In 1992 Canary Wharf Estate went bankrupt, in spite of all the public subsidy. I’ve heard Canary Wharf’s ‘success’ in generating profit billed as a success story, instead I think of just how much public taxpayer money went into building such a space for international capital and insanely wealthy individuals who have chosen to put walls and gates between themselves and the local community. There’s ExCel just down the way, I’ve written about that terribly bleak space too, just one of the spaces along the Thames that are all privately owned — like ExCel, with its exhibition centre, six hotels, 2000 homes on ‘one hundred-acre ‘campus” on the old Royal Victoria Dock.  It sits above Canning town, it’s hard to reach from the community, it makes protesting the arms fairs happening there harder. (13)

Of course that in itself is not entirely new — Minton notes the controls and the gating of the old Bedford Estate, particularly along the border with Camden (remember when Camden was full of poor people?

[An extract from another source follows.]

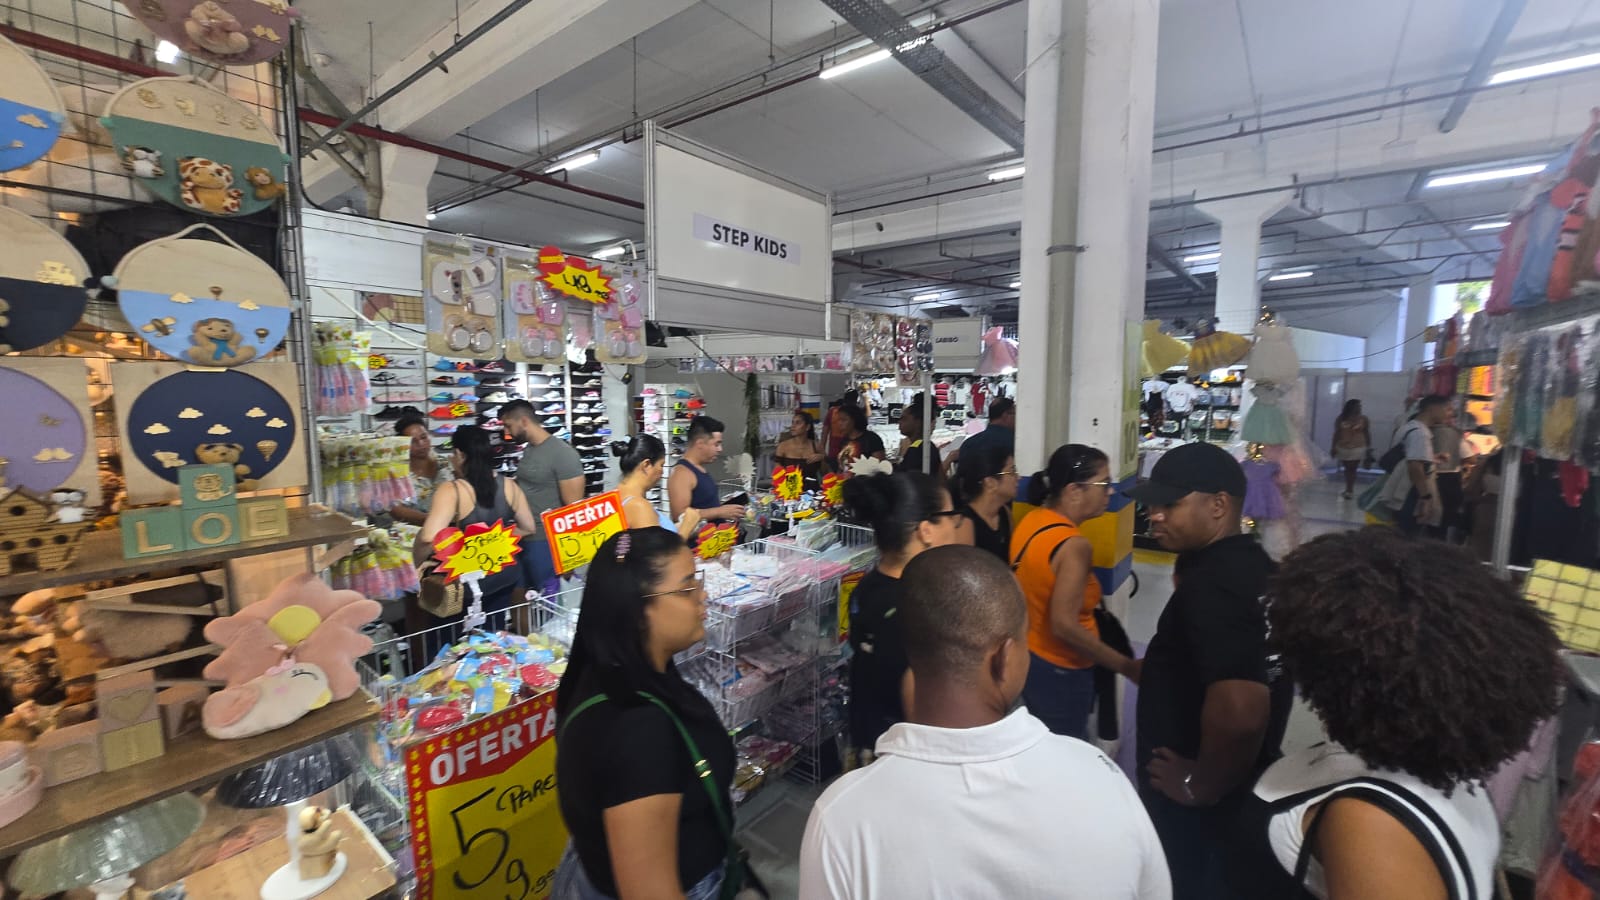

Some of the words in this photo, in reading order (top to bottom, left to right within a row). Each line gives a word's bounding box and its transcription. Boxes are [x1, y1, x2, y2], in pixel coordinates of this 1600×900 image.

Damn.). They:

used uniformed ex-prison officers to patrol their enclave and when a fight over entry into the area broke out, leading to a death, the coroner is recorded as saying that government conduct was “disgraceful in allowing these squares and place places to be closed to the public.” (20)

Leading to a death…unthinkable for so many years, but I think we are returning to those kinds of times once again.

Still, there is something different about what is happening now, about this huge shift in the twenty-first century towards the creation of large private estates — shopping centres and office complexes that no longer sit on public streets. A very clever way of stripping local authority assets. Much of this was made possible in 2004, when a new act of Parliament changed the definition  of ‘public benefit’ to make economic impact rather than community impact more important.

Didn’t see New Labour getting rid of that now did we.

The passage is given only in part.